*What is needed*
From the first line to the last, please print the entries exactly, omitting pictures.

*Source information*

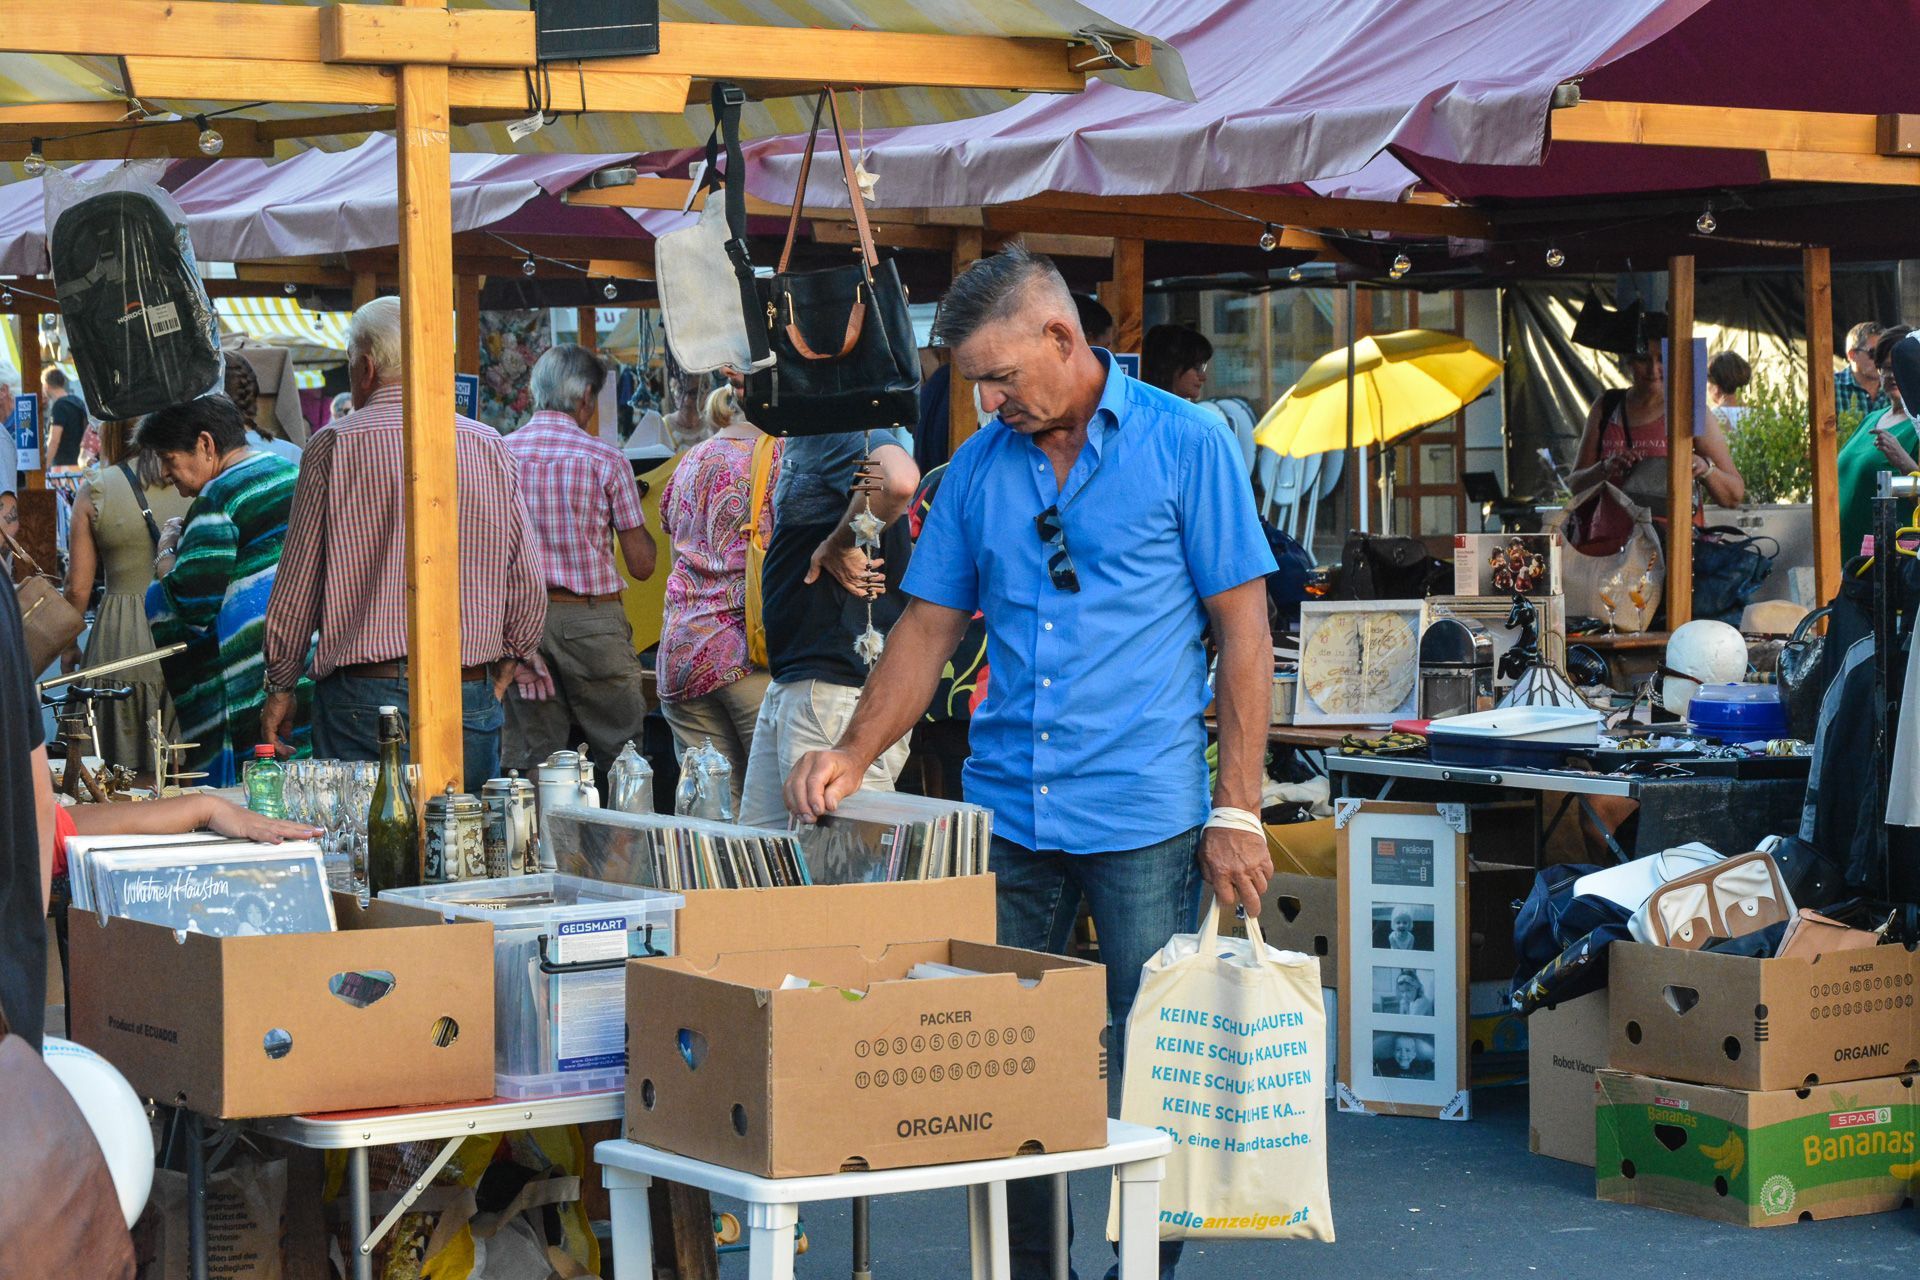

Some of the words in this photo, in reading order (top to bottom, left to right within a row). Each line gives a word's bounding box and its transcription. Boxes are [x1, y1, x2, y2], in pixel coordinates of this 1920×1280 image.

[123, 875, 173, 910] Whitney
[173, 872, 229, 902] Houston
[561, 919, 623, 934] GEOSMART
[1850, 963, 1874, 973] PACKER
[920, 1010, 972, 1026] PACKER
[1160, 1007, 1208, 1026] KEINE
[1212, 1015, 1257, 1037] SCHU
[144, 1024, 178, 1044] ECUADOR
[1155, 1036, 1205, 1056] KEINE
[1208, 1044, 1254, 1066] SCHU
[1255, 1041, 1308, 1062] KAUFEN
[1834, 1042, 1890, 1062] ORGANIC
[1553, 1055, 1575, 1070] Robot
[1151, 1065, 1201, 1086] KEINE
[1257, 1070, 1312, 1091] KAUFEN
[1162, 1096, 1211, 1118] KEINE
[1660, 1097, 1680, 1107] SPAR
[896, 1112, 993, 1138] ORGANIC
[1647, 1105, 1698, 1128] Bananas
[1838, 1112, 1876, 1125] SPAR
[1188, 1132, 1221, 1149] eine
[1224, 1131, 1312, 1153] Handtasche.
[1803, 1131, 1916, 1168] Bananas
[1159, 1206, 1309, 1231] ndleanzeiger.at
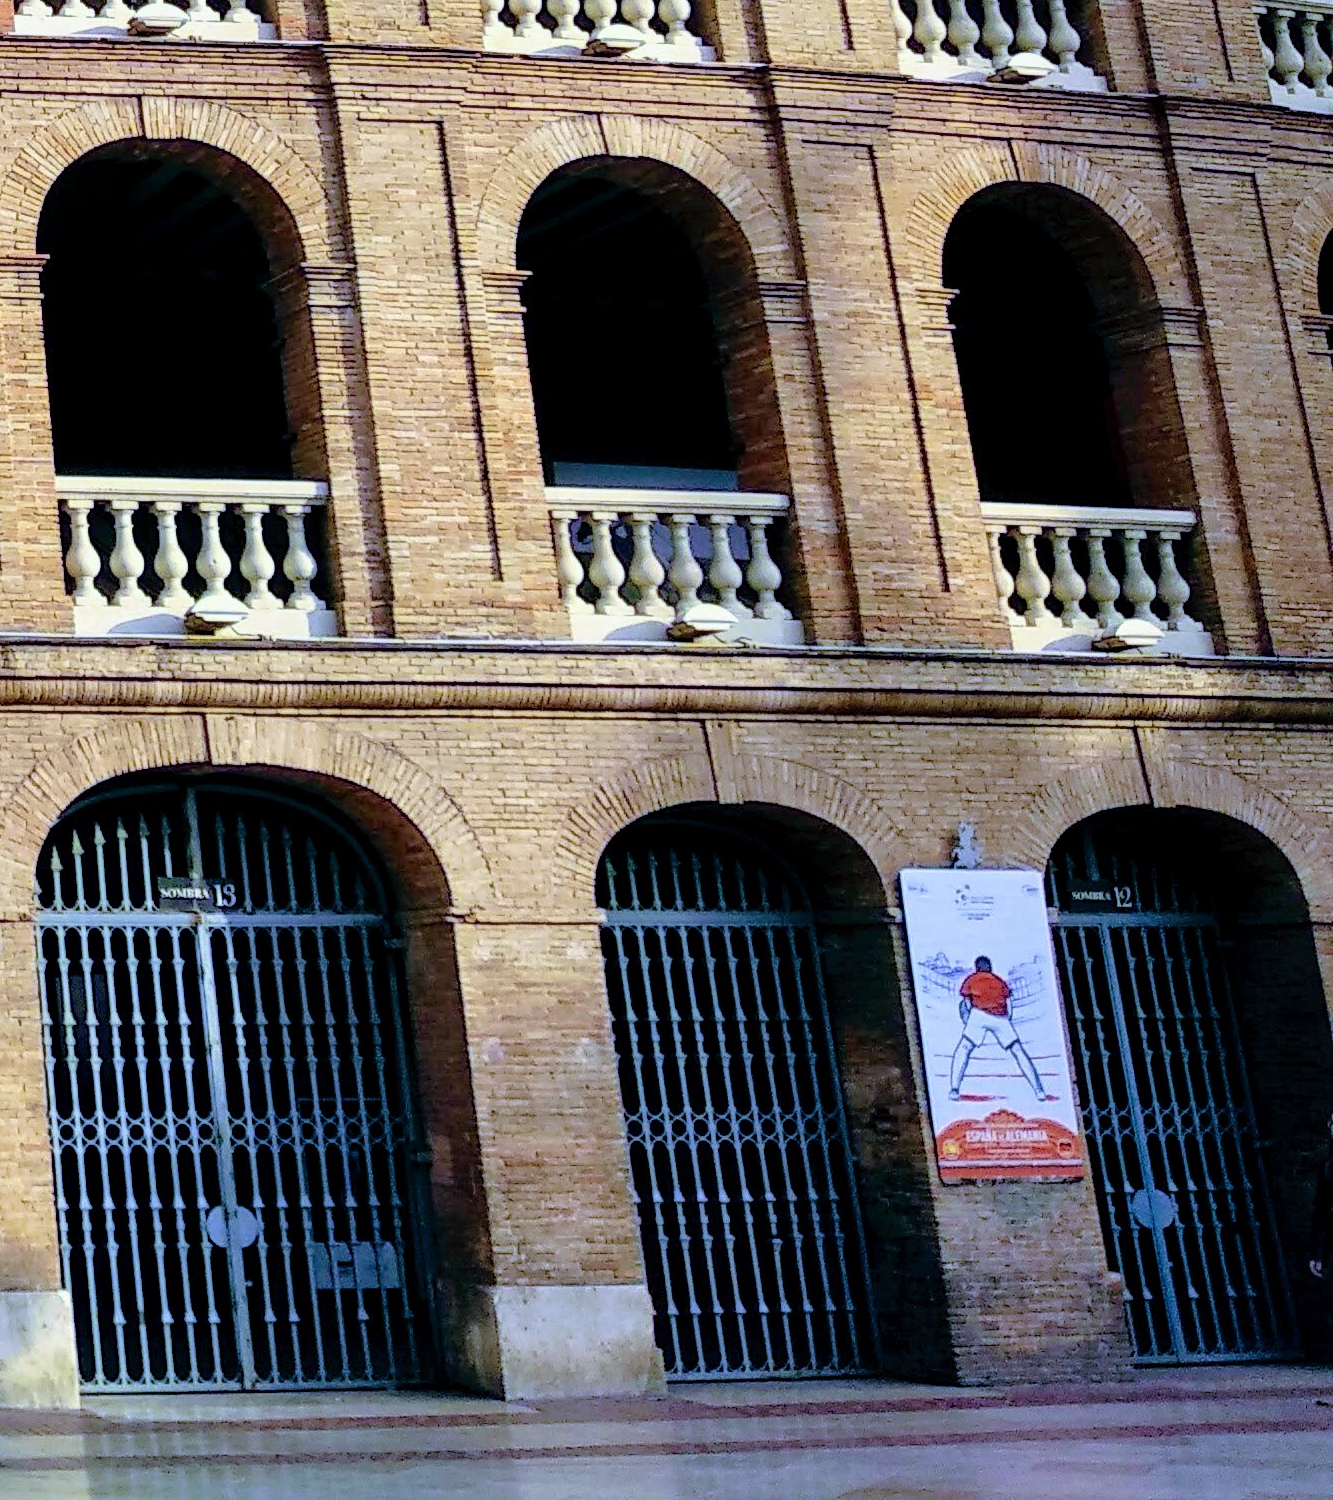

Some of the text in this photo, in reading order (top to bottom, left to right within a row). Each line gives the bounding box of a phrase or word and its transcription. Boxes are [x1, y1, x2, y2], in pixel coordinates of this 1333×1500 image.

[160, 884, 236, 907] SOMBRA 13
[1072, 886, 1132, 908] SOMBRA 12
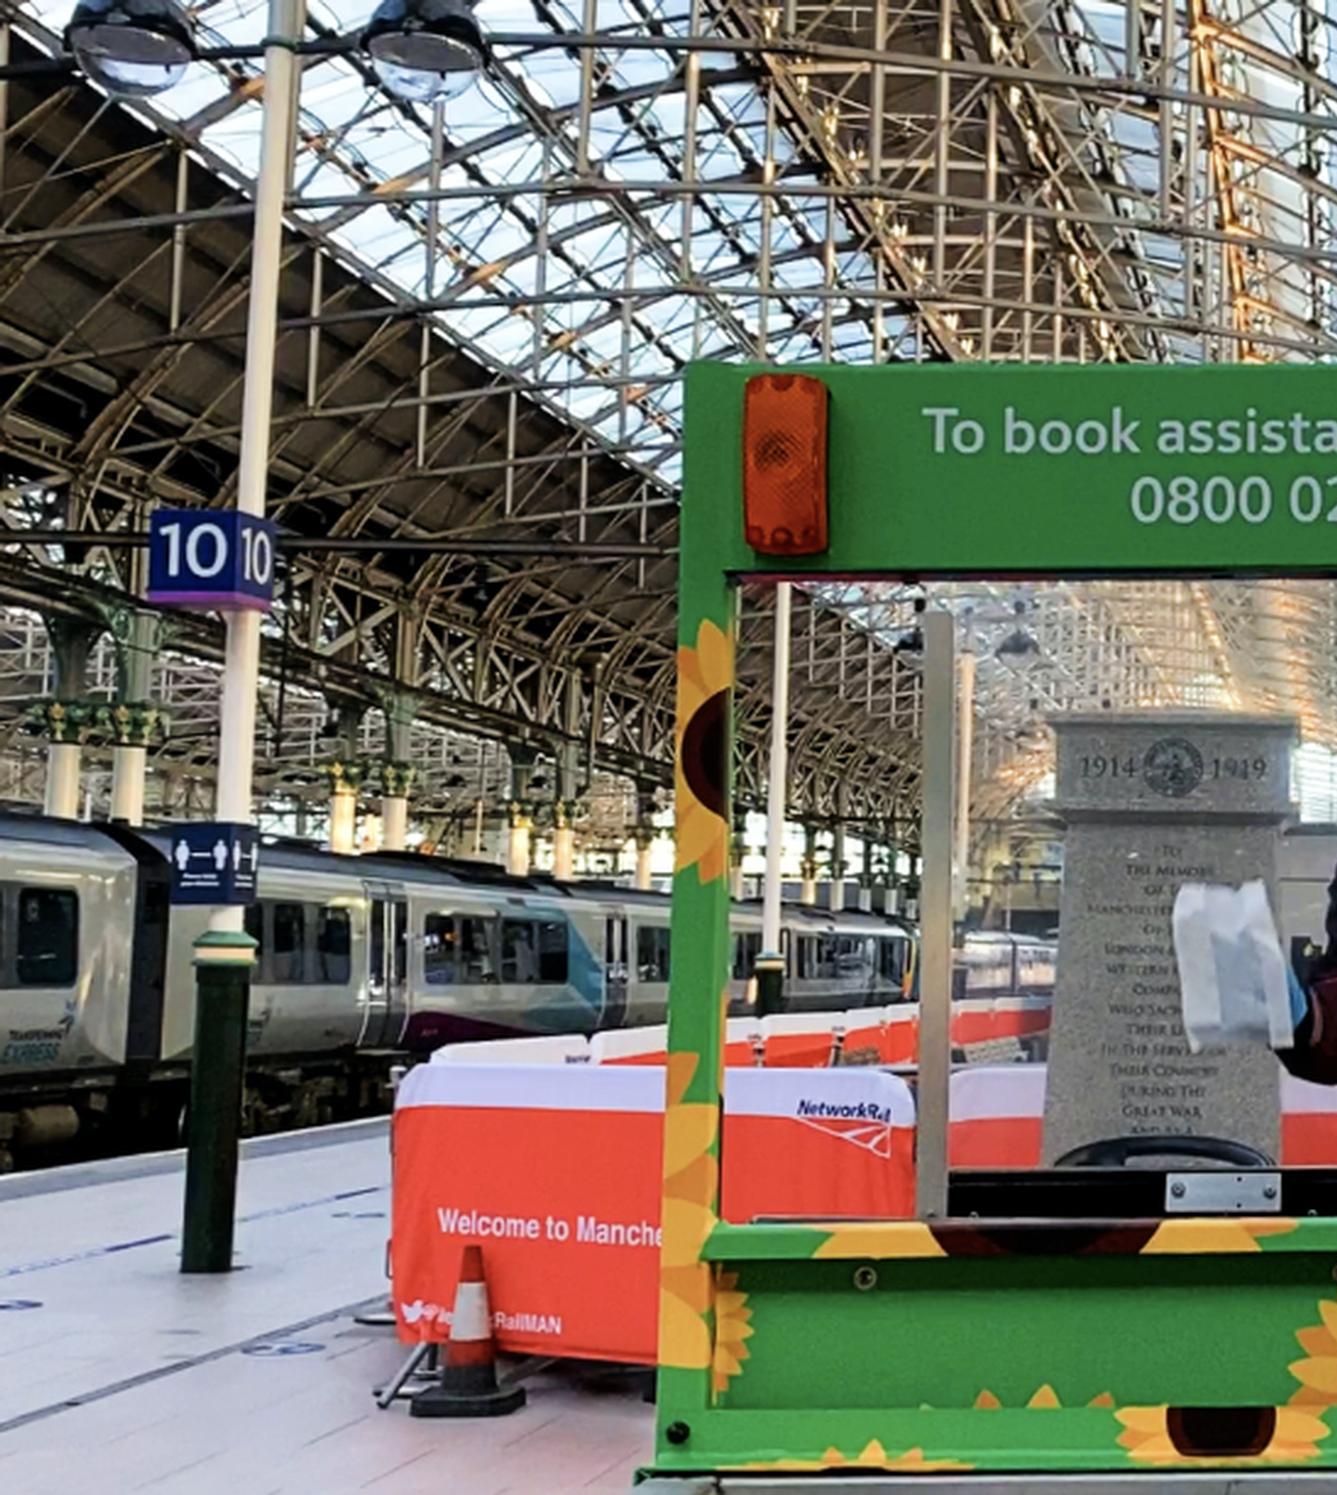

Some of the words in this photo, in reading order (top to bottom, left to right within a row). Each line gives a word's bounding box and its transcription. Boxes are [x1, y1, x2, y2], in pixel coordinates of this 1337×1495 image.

[921, 406, 985, 455] To
[1004, 405, 1141, 455] book
[1130, 476, 1272, 524] 0800
[159, 522, 228, 578] 10
[241, 527, 272, 585] 10
[1079, 756, 1139, 778] 1914
[1212, 757, 1267, 780] 1919
[797, 1100, 892, 1122] NetworkRil
[1122, 1104, 1166, 1118] GREAT
[437, 1207, 540, 1239] Welcome
[546, 1216, 569, 1241] to

*Task answer*
Some of the words in this photo, in reading order (top to bottom, left to right within a row). Each line gives a word's bounding box and its transcription. Boxes are [x1, y1, x2, y2], in pixel coordinates of this 1920×1280 image.

[123, 875, 173, 910] Whitney
[173, 872, 229, 902] Houston
[561, 919, 623, 934] GEOSMART
[1850, 963, 1874, 973] PACKER
[920, 1010, 972, 1026] PACKER
[1160, 1007, 1208, 1026] KEINE
[1212, 1015, 1257, 1037] SCHU
[144, 1024, 178, 1044] ECUADOR
[1155, 1036, 1205, 1056] KEINE
[1208, 1044, 1254, 1066] SCHU
[1255, 1041, 1308, 1062] KAUFEN
[1834, 1042, 1890, 1062] ORGANIC
[1553, 1055, 1575, 1070] Robot
[1151, 1065, 1201, 1086] KEINE
[1257, 1070, 1312, 1091] KAUFEN
[1162, 1096, 1211, 1118] KEINE
[1660, 1097, 1680, 1107] SPAR
[896, 1112, 993, 1138] ORGANIC
[1647, 1105, 1698, 1128] Bananas
[1838, 1112, 1876, 1125] SPAR
[1188, 1132, 1221, 1149] eine
[1224, 1131, 1312, 1153] Handtasche.
[1803, 1131, 1916, 1168] Bananas
[1159, 1206, 1309, 1231] ndleanzeiger.at

Some of the text in this photo, in reading order (top to bottom, left to right within a row). Each line gives the bounding box of a phrase or word and its transcription. Boxes are [x1, y1, x2, y2], in pixel coordinates of this 1333×1500 image.

[160, 884, 236, 907] SOMBRA 13
[1072, 886, 1132, 908] SOMBRA 12

Some of the words in this photo, in reading order (top to bottom, left to right within a row). Each line gives a word's bounding box and its transcription. Boxes are [x1, y1, x2, y2], in pixel coordinates of this 1337×1495 image.

[921, 406, 985, 455] To
[1004, 405, 1141, 455] book
[1130, 476, 1272, 524] 0800
[159, 522, 228, 578] 10
[241, 527, 272, 585] 10
[1079, 756, 1139, 778] 1914
[1212, 757, 1267, 780] 1919
[797, 1100, 892, 1122] NetworkRil
[1122, 1104, 1166, 1118] GREAT
[437, 1207, 540, 1239] Welcome
[546, 1216, 569, 1241] to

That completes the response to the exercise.